7:30 - 8:00 PM - A Medical Educato(R)’s Journey to Data Science: Residency Applicants Ranking Dashboard and Algorithm – From Open Concept to Open Reality

Ken Koon Wong

How can we rank interview candidates more fairly? What form of data is needed to make that decision? How do we curate that data? How do we compile and summarize noisy data into something interpretable? How can we incorporate an algorithm that minimizes bias in recruitment? These questions are relevant for making an informed decision in recruiting candidates to be trained as future physicians. At the Cleveland Clinic Akron General Internal Medicine residency program, we have used the R Shiny dashboard for over three years to make recruitment more diverse, equitable, and inclusive. It would be very challenging for the human eyes to notice subtle differences in data for 100 to 200, or sometimes an even greater number of interview candidates, given 6 to 10 variables per candidate. We used multiple-criteria decision analysis (MCDA) as a potential solution to our question. The R Shiny dashboard is highly customizable, allows individualized program formula derivation with a chosen weight that matters most to the program’s core value, is easily accessible for program leadership to look at curated candidate assessment data, minimizes bias, and increases diversity in ranking, and provides another quantitative tool to tune PD’s intuition for ranking candidates.
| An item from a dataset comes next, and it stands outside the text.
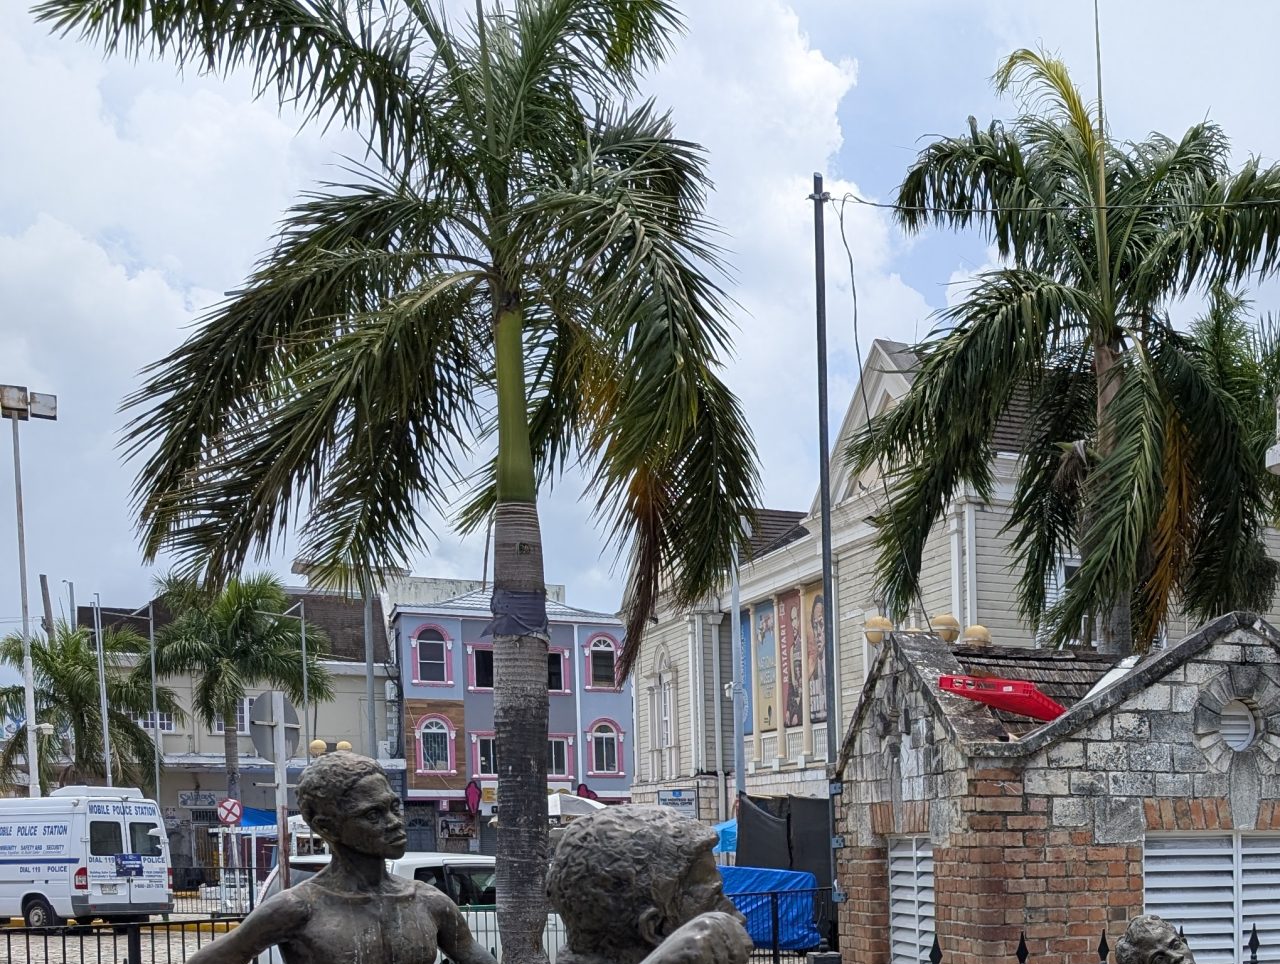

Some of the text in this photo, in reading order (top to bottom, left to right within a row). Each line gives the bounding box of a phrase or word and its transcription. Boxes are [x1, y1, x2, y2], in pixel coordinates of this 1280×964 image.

Most importantly, the R Shiny dashboard allowed the program leadership to visualize noisy data to enhance the ranking experience.

He is an Associate Program Director of Internal Medicine residency program and Infectious Disease physician at Cleveland Clinic Akron General, Ohio, USA. He is a Data Science hobbyist and has been an R convert since late 2019, all because of a question during a meeting, “How can we make sense of all these numbers?”. He has learned R from online tutorials, uses R daily, and has built several dashboards and automation tasks for better efficiency and learning. He is also passionate about using experiential learning to improve data literacy. For example, he experienced probability theory by dedicating 2022 to randomly buying his wife ~24 bouquets, which is estimated to be a ~6.6% chance per day. To his surprise, there were several occurrences of back-to-back purchases of flowers. He enjoys no-till gardening, practicing Tai chi, and learning.